[Collected data]
--- --- ---

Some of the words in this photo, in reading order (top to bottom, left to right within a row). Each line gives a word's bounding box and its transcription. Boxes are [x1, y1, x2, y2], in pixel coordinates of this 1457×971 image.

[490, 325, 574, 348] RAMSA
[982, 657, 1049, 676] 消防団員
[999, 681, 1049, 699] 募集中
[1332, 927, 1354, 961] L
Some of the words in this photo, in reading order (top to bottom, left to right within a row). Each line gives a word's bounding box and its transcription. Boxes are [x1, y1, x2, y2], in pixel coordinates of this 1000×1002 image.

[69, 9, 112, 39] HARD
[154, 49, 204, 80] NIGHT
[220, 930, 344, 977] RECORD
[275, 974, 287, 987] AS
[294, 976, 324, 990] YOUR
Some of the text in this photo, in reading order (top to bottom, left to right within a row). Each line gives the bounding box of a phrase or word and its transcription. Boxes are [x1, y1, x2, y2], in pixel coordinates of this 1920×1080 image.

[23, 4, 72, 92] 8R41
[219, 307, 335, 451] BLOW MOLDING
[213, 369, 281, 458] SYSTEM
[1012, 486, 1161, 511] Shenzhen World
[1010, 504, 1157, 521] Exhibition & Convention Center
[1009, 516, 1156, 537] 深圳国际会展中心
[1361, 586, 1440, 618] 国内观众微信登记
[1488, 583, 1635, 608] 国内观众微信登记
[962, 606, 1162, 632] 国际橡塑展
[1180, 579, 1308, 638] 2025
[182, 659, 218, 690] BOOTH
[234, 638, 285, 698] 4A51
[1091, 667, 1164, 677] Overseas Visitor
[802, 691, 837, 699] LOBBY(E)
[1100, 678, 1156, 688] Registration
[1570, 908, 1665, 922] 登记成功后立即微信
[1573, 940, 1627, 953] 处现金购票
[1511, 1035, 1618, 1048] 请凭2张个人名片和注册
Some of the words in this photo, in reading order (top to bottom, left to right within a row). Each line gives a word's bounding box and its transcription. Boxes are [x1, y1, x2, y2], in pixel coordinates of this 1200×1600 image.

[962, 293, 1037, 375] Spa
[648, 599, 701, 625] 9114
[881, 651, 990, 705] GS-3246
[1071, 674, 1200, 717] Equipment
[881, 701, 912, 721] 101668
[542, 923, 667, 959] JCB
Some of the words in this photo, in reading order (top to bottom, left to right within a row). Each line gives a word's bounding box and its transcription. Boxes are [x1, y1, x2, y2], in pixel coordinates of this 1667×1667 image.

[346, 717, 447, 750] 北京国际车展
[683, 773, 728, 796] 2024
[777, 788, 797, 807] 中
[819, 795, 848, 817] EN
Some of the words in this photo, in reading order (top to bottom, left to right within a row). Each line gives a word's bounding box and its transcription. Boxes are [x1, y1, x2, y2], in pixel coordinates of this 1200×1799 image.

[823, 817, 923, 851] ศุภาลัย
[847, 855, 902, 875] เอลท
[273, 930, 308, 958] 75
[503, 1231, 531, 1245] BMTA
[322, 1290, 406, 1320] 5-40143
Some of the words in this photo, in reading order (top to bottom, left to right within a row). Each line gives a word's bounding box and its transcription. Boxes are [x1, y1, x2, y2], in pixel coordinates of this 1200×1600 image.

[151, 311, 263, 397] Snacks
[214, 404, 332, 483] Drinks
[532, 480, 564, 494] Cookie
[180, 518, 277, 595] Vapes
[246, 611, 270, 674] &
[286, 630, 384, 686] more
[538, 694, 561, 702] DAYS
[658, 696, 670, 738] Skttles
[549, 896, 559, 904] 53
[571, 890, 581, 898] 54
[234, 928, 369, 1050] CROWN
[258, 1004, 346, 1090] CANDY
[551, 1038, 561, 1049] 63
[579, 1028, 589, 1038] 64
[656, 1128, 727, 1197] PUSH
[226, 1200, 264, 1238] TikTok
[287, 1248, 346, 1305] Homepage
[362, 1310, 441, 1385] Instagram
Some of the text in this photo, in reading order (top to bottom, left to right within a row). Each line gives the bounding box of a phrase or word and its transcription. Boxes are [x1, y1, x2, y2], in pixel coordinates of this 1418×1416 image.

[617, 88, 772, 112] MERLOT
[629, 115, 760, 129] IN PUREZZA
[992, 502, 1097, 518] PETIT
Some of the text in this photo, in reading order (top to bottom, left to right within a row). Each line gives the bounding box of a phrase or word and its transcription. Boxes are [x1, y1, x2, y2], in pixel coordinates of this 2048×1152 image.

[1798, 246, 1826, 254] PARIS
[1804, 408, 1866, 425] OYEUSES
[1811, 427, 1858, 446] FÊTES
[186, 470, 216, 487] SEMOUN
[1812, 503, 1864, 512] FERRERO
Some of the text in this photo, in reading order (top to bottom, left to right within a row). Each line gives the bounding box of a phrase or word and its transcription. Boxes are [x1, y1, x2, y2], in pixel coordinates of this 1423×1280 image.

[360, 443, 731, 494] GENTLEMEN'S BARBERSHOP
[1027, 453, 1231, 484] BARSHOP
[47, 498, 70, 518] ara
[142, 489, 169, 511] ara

--- --- ---

| What is needed |
Copy out each record from above, exactly.

| Answer box |
Some of the words in this photo, in reading order (top to bottom, left to right within a row). Each line gives a word's bounding box and its transcription. Boxes are [x1, y1, x2, y2], in pixel coordinates of this 1457×971 image.

[490, 325, 574, 348] RAMSA
[982, 657, 1049, 676] 消防団員
[999, 681, 1049, 699] 募集中
[1332, 927, 1354, 961] L
Some of the words in this photo, in reading order (top to bottom, left to right within a row). Each line gives a word's bounding box and its transcription. Boxes are [x1, y1, x2, y2], in pixel coordinates of this 1000×1002 image.

[69, 9, 112, 39] HARD
[154, 49, 204, 80] NIGHT
[220, 930, 344, 977] RECORD
[275, 974, 287, 987] AS
[294, 976, 324, 990] YOUR
Some of the text in this photo, in reading order (top to bottom, left to right within a row). Each line gives the bounding box of a phrase or word and its transcription. Boxes are [x1, y1, x2, y2], in pixel coordinates of this 1920×1080 image.

[23, 4, 72, 92] 8R41
[219, 307, 335, 451] BLOW MOLDING
[213, 369, 281, 458] SYSTEM
[1012, 486, 1161, 511] Shenzhen World
[1010, 504, 1157, 521] Exhibition & Convention Center
[1009, 516, 1156, 537] 深圳国际会展中心
[1361, 586, 1440, 618] 国内观众微信登记
[1488, 583, 1635, 608] 国内观众微信登记
[962, 606, 1162, 632] 国际橡塑展
[1180, 579, 1308, 638] 2025
[182, 659, 218, 690] BOOTH
[234, 638, 285, 698] 4A51
[1091, 667, 1164, 677] Overseas Visitor
[802, 691, 837, 699] LOBBY(E)
[1100, 678, 1156, 688] Registration
[1570, 908, 1665, 922] 登记成功后立即微信
[1573, 940, 1627, 953] 处现金购票
[1511, 1035, 1618, 1048] 请凭2张个人名片和注册
Some of the words in this photo, in reading order (top to bottom, left to right within a row). Each line gives a word's bounding box and its transcription. Boxes are [x1, y1, x2, y2], in pixel coordinates of this 1200×1600 image.

[962, 293, 1037, 375] Spa
[648, 599, 701, 625] 9114
[881, 651, 990, 705] GS-3246
[1071, 674, 1200, 717] Equipment
[881, 701, 912, 721] 101668
[542, 923, 667, 959] JCB
Some of the words in this photo, in reading order (top to bottom, left to right within a row). Each line gives a word's bounding box and its transcription. Boxes are [x1, y1, x2, y2], in pixel coordinates of this 1667×1667 image.

[346, 717, 447, 750] 北京国际车展
[683, 773, 728, 796] 2024
[777, 788, 797, 807] 中
[819, 795, 848, 817] EN
Some of the words in this photo, in reading order (top to bottom, left to right within a row). Each line gives a word's bounding box and its transcription. Boxes are [x1, y1, x2, y2], in pixel coordinates of this 1200×1799 image.

[823, 817, 923, 851] ศุภาลัย
[847, 855, 902, 875] เอลท
[273, 930, 308, 958] 75
[503, 1231, 531, 1245] BMTA
[322, 1290, 406, 1320] 5-40143
Some of the words in this photo, in reading order (top to bottom, left to right within a row). Each line gives a word's bounding box and its transcription. Boxes are [x1, y1, x2, y2], in pixel coordinates of this 1200×1600 image.

[151, 311, 263, 397] Snacks
[214, 404, 332, 483] Drinks
[532, 480, 564, 494] Cookie
[180, 518, 277, 595] Vapes
[246, 611, 270, 674] &
[286, 630, 384, 686] more
[538, 694, 561, 702] DAYS
[658, 696, 670, 738] Skttles
[549, 896, 559, 904] 53
[571, 890, 581, 898] 54
[234, 928, 369, 1050] CROWN
[258, 1004, 346, 1090] CANDY
[551, 1038, 561, 1049] 63
[579, 1028, 589, 1038] 64
[656, 1128, 727, 1197] PUSH
[226, 1200, 264, 1238] TikTok
[287, 1248, 346, 1305] Homepage
[362, 1310, 441, 1385] Instagram
Some of the text in this photo, in reading order (top to bottom, left to right within a row). Each line gives the bounding box of a phrase or word and its transcription. Boxes are [x1, y1, x2, y2], in pixel coordinates of this 1418×1416 image.

[617, 88, 772, 112] MERLOT
[629, 115, 760, 129] IN PUREZZA
[992, 502, 1097, 518] PETIT
Some of the text in this photo, in reading order (top to bottom, left to right within a row). Each line gives the bounding box of a phrase or word and its transcription. Boxes are [x1, y1, x2, y2], in pixel coordinates of this 2048×1152 image.

[1798, 246, 1826, 254] PARIS
[1804, 408, 1866, 425] OYEUSES
[1811, 427, 1858, 446] FÊTES
[186, 470, 216, 487] SEMOUN
[1812, 503, 1864, 512] FERRERO
Some of the text in this photo, in reading order (top to bottom, left to right within a row). Each line gives the bounding box of a phrase or word and its transcription. Boxes are [x1, y1, x2, y2], in pixel coordinates of this 1423×1280 image.

[360, 443, 731, 494] GENTLEMEN'S BARBERSHOP
[1027, 453, 1231, 484] BARSHOP
[47, 498, 70, 518] ara
[142, 489, 169, 511] ara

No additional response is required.